The Sunday Post (Dundee)

Gran-of-eight Maggie Clayton’s weekly diary

- Are you struggling in these uncertain times? Contact Maggie for advice by emailing ps@sundaypost. com

Dear Maggie

On my first day at secondary school I met Louise and we have been best friends ever since. Through every situation – boyfriends who broke our hearts, to moans about our college courses, our jobs, marriages and motherhood - Louise and I have talked out everything and supported each other in good times and bad.

Sadly, this year Louise was diagnosed with breast cancer. I went with her to all her hospital appointmen­ts and helped her in every way I could. Louise died last week and I am heartbroke­n.

Another blow came when her husband phoned to say that, because of the pandemic, numbers at the crematoriu­m are limited, so I cannot attend.

I just want to be there to say goodbye, but I am not invited. This hurts and every time I think about it I can’t help crying. It’s bad enough losing Louise but not being able to go to her funeral seems so unfair.

Maggie says. Losing a close friend is heartbreak­ing.

I understand how much it would mean to you to be at the funeral of your best friend. But this cruel pandemic has caused many heartaches for people in ways they never expected.

All I can say is that on the day of Louise’s funeral, give yourself time and space to be alone, to think about her and all the happy experience­s you shared. Look at photos of the good times, remember the things which made you both laugh and cry.

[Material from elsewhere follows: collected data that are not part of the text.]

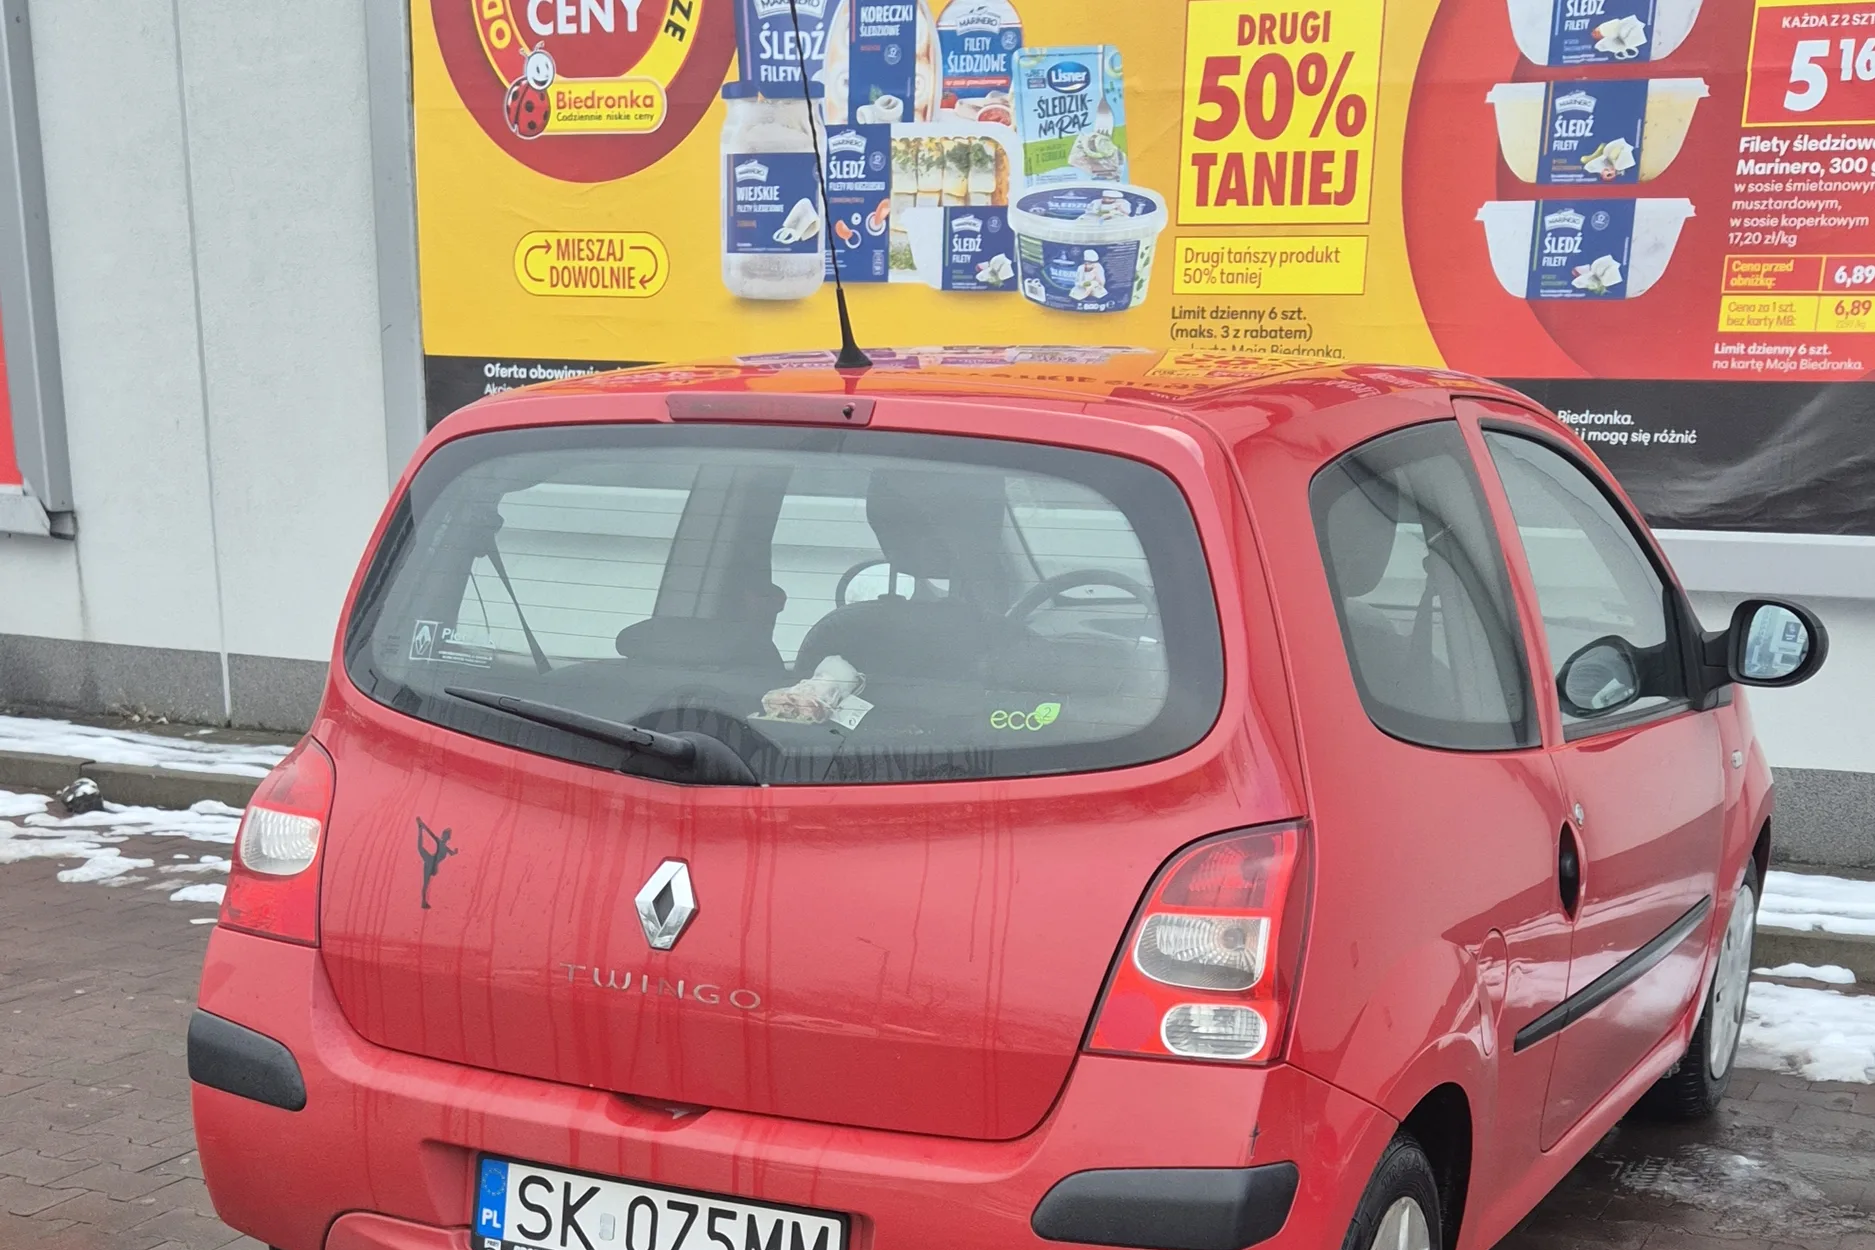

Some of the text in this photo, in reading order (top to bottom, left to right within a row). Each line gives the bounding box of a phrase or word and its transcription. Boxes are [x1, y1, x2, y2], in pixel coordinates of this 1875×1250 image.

[527, 0, 644, 36] CENY
[860, 5, 913, 23] KORECZKI
[1781, 13, 1829, 28] KAŻDA
[1830, 14, 1840, 27] Z
[1841, 14, 1850, 26] 2
[1237, 11, 1331, 46] DRUGI
[1564, 19, 1590, 31] FILETY
[759, 22, 825, 61] ŚLEDŹ
[964, 37, 991, 52] FILETY
[947, 51, 1007, 73] ŚLEDZIOWE
[1051, 67, 1088, 83] Lisner
[556, 89, 655, 110] Biedronka
[1193, 51, 1367, 142] 50%
[556, 112, 655, 122] Codziennie niskie ceny
[1038, 112, 1092, 139] NA RAZ
[1554, 115, 1594, 137] ŚLEDŹ
[1553, 140, 1579, 151] FILETY
[1739, 135, 1791, 157] Filety
[829, 156, 866, 179] ŚLEDŹ
[1736, 158, 1825, 178] Marinero,
[1829, 157, 1868, 174] 300
[1191, 150, 1359, 207] TANIEJ
[1734, 182, 1746, 193] w
[1747, 180, 1783, 193] sosie
[736, 186, 780, 201] WIEJSKIE
[1731, 196, 1842, 213] musztardowym,
[1729, 214, 1869, 230] w sosie koperkowym
[952, 234, 982, 253] ŚLEDŹ
[1543, 232, 1583, 254] ŚLEDŹ
[1728, 230, 1797, 248] 17,20 zł/kg
[556, 239, 625, 262] MIESZAJ
[952, 254, 971, 264] FILETY
[1184, 246, 1341, 268] Drugi tańszy produkt
[1542, 256, 1567, 267] FILETY
[550, 266, 636, 290] DOWOLNIE
[1183, 268, 1262, 289] 50% taniej
[1731, 259, 1875, 288] Cena przed 6,89
[1171, 306, 1307, 324] Limit dzienny 6 szt.
[1728, 302, 1756, 313] Cena
[1757, 303, 1770, 313] za
[1778, 302, 1796, 313] szt.
[1834, 299, 1873, 320] 6,89
[1726, 316, 1745, 326] bez
[1746, 315, 1774, 329] karty
[1170, 323, 1313, 342] (maks. 3 z rabatem)
[1714, 343, 1832, 357] Limit dzienny 6 szt.
[484, 363, 527, 379] Oferta
[1712, 358, 1864, 373] na kartę Moja Biedronka.
[1557, 410, 1635, 426] Biedronka.
[1588, 430, 1629, 446] mogą
[1631, 429, 1651, 446] się
[1653, 428, 1698, 444] różnić
[560, 963, 761, 1010] TWINGO
[481, 1207, 502, 1229] PL

The friendship you shared was precious. Give thanks for that and try to think positively in the days and weeks ahead. Be there for her family if they want to talk, but everyone copes with grief in different ways - some need the support of talking to people, while others grieve quietly.

Be kind to yourself. You know that it’s what Louise would want.

Dear Maggie My husband and I moved into our new home three years ago and we have been very happy here.

The neighbours are all very helpful. We take in parcels for each other if someone isn’t home. On the day the bin lorry comes, a neighbour will wheel your empty bin back to the garden if you are out.

It’s always been a friendly place to live but six months ago the house next door was sold and the new tenants don’t seem to want to be part of this. They keep to themselves. I’ve invited them for coffee but they didn’t take me up on it. Every bonfire night we all get together to have a firework display and I invited the new neighbours but they said: “We don’t do fireworks”. How can I get them to realise that friendline­ss matters?

Maggie says Perhaps in their last home they didn’t have a happy experience with their neighbours and have made the decision not to get involved this time.

Or perhaps they just are a couple who are quite content to keep to themselves.

Whatever it is, the choice is theirs to make and you have to accept it. So by all means be polite and friendly when you meet, but back off inviting them to take part in socialisin­g.

Perhaps in time they will change, - but don’t fret about it. Just continue to enjoy your neighbourh­ood your way.